Yep, just bought a whole bunch of Isle of Dogs products at the Miami show, based on testimony from the GRF and from people who were using it here down south.


----------



## K9-Design (Jan 18, 2009)

I would love for someone to buy me a bunch of Isle of Dogs.
Otherwise my guys are getting the softsoap
haha!


----------



## gabbys mom (Apr 23, 2008)

i bought some isle of dogs as a thank you gift for my breeder and now she's hooked


----------



## hotel4dogs (Sep 29, 2008)

I always go to the vendor's booth and ask them what they recommend for golden retrievers, and of course they always say Royal Jelly. I look at the bottle, comment on the price, and ask if they have any samples.
Never been turned down.
heehee
I especially like the sample packet for travelling to out of town shows, seriously. It's just the right size to bathe him once or twice if I dilute it a lot.






danni's_girl said:


> lol! that's a great idea--I'm going to do that at my next show!!


----------



## K9-Design (Jan 18, 2009)

Super sneaky! I like it 
Sounds like me at the ProPlan booth. I always get a friend and take them there and have them "convince" the friend to switch to ProPlan. Works like a charm, we get 10,000 samples! yay


----------



## GoldenSail (Dec 30, 2008)

hotel4dogs said:


> I always go to the vendor's booth and ask them what they recommend for golden retrievers, and of course they always say Royal Jelly. I look at the bottle, comment on the price, and ask if they have any samples.
> Never been turned down.
> heehee
> I especially like the sample packet for travelling to out of town shows, seriously. It's just the right size to bathe him once or twice if I dilute it a lot.
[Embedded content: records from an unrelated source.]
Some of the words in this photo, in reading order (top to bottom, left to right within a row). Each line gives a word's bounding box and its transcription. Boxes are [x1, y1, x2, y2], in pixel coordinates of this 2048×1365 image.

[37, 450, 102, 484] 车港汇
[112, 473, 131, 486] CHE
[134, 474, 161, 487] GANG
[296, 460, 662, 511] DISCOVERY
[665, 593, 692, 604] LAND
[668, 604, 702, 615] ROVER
Ok, that's slick. I am going to take pointers from you! (except I don't think I can keep a straight face, LOL)


----------



## goldengirls550 (Jun 12, 2008)

GoldenSail said:


> Ok, that's slick. I am going to take pointers from you! (except I don't think I can keep a straight face, LOL)
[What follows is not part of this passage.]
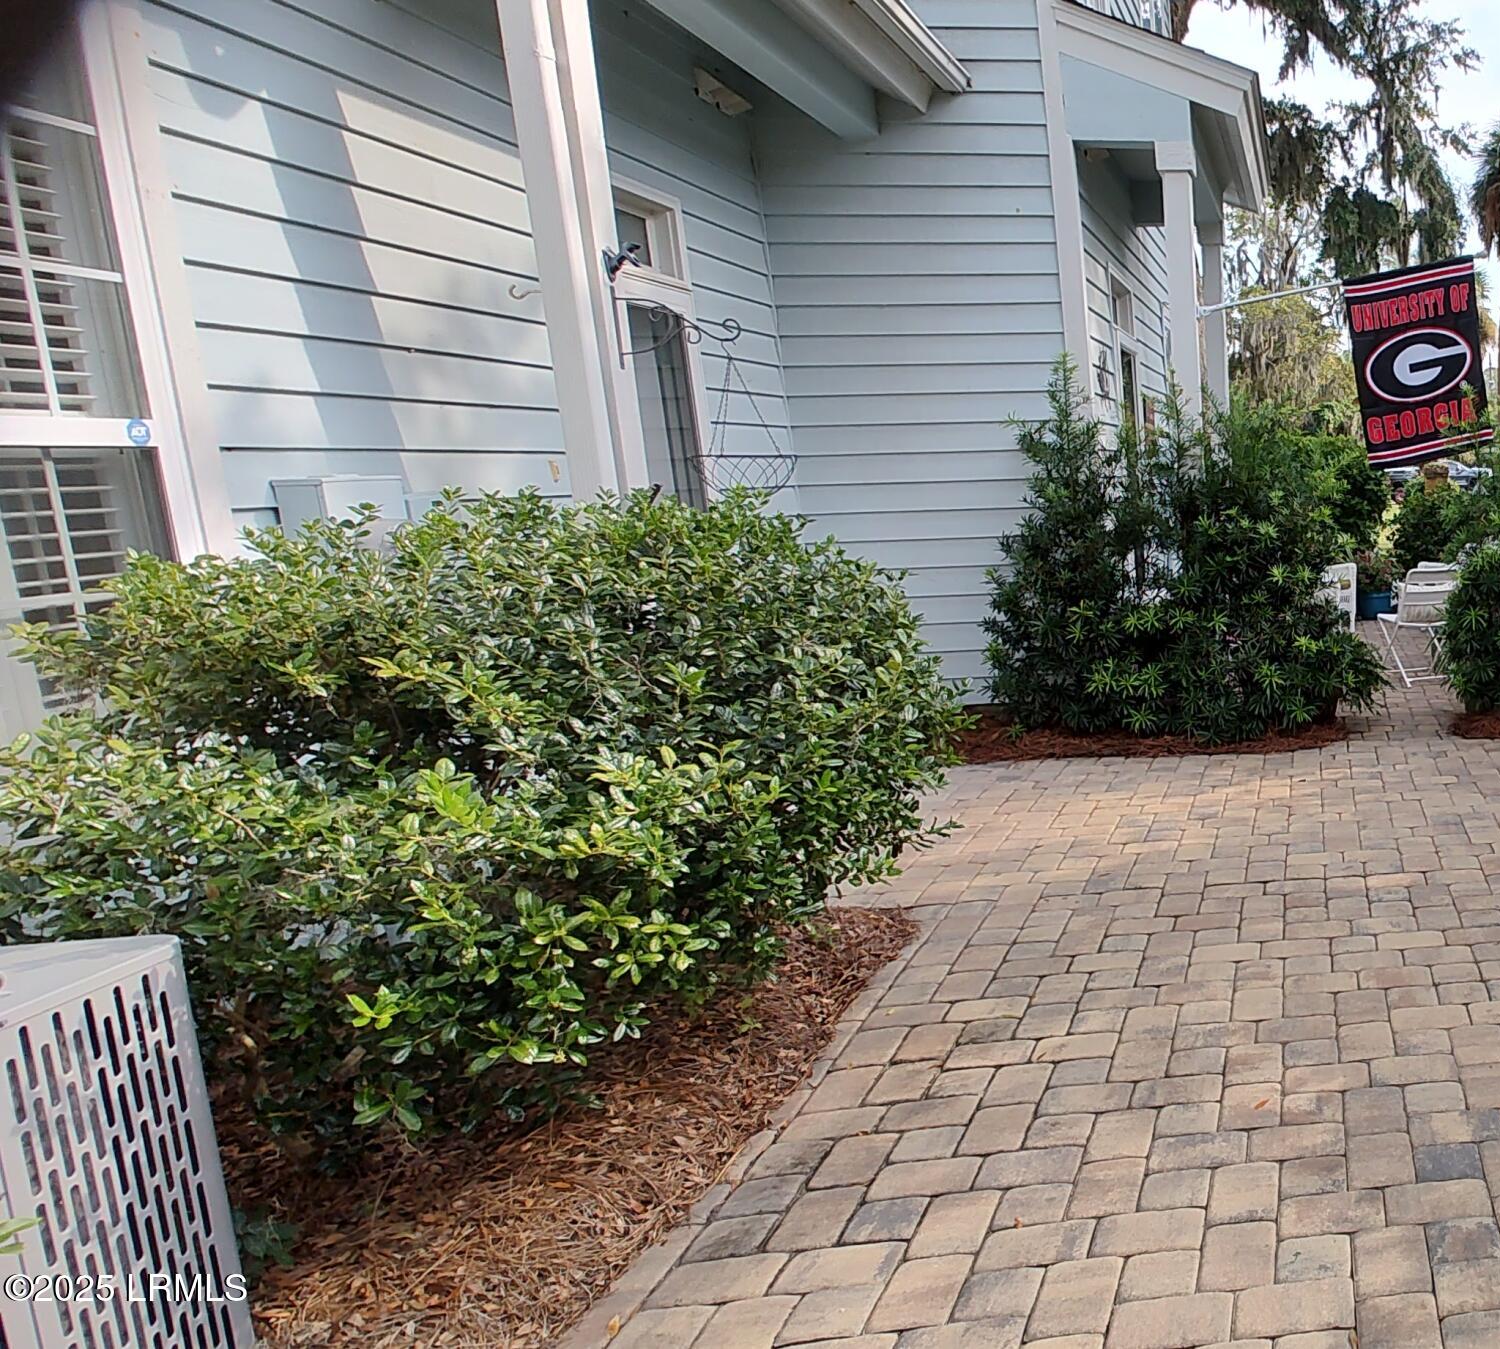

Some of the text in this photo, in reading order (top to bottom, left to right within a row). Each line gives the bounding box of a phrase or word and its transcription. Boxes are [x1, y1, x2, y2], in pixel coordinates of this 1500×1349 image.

I have heard that IOD gives generous samples. I will try this too


----------



## Cowtown (Sep 23, 2009)

From the recommendations on this thread, I purchased some IoD Royal Jelly, a bottle of their puppy formula and some of the heavy conditioner.

I also bought some Earthbath Mango tango and Cowboy magic.

So, even though I don't have my pup yet, i'm stocked up on shampoo and can't wait to try all 3. Doggie is gonna be happy and smelllin good!

LOL

Oh and they threw in a whole 10oz. package of "Treat For My Breath" treats for free which I thought was super cool! http://www.iodogs.com/p-365-treatformybreath.aspx


----------



## hotel4dogs (Sep 29, 2008)

Hadn't thought of that one....maybe I should give them a business card from my pet hotel and ask for some samples to put out in the lobby....ESPECIALLY of carvers :




K9-Design said:


> Super sneaky! I like it
> Sounds like me at the ProPlan booth. I always get a friend and take them there and have them "convince" the friend to switch to ProPlan. Works like a charm, we get 10,000 samples! yay


----------



## lgnutah (Feb 26, 2007)

If you bathe your dog once a week, you must not use topical flea products? I was told that the stuff will wash off if a soap based shampoo is used. Since I don't know which ones are soap and which aren't---I only bathe my dog a few days before I am about to apply the monthly topical flea stuff.


----------



## Cowtown (Sep 23, 2009)

Not sure which topical flea med you use but I'm pretty sure ones like Revolution and Advantage, while applied topically, soak into the blood stream through the skin. I'm not completely sure about that though.


----------



## hotel4dogs (Sep 29, 2008)

My vet says that the "cheap" you buy in the pet stores wash off, the good ones like Frontline Plus, Advantix, and Vectra do not.




lgnutah said:


> If you bathe your dog once a week, you must not use topical flea products? I was told that the stuff will wash off if a soap based shampoo is used. Since I don't know which ones are soap and which aren't---I only bathe my dog a few days before I am about to apply the monthly topical flea stuff.


----------



## lgnutah (Feb 26, 2007)

I use Frontline Plus or K9Advantix but thought any of them washed off so avoided bathing him until right before re-application time


----------



## CarolinaCasey (Jun 1, 2007)

Frontline and others of "veterinary quality" are absorbed into the sebaceous glands of the skin. You just can't bathe 1-2 days prior or post bathing. 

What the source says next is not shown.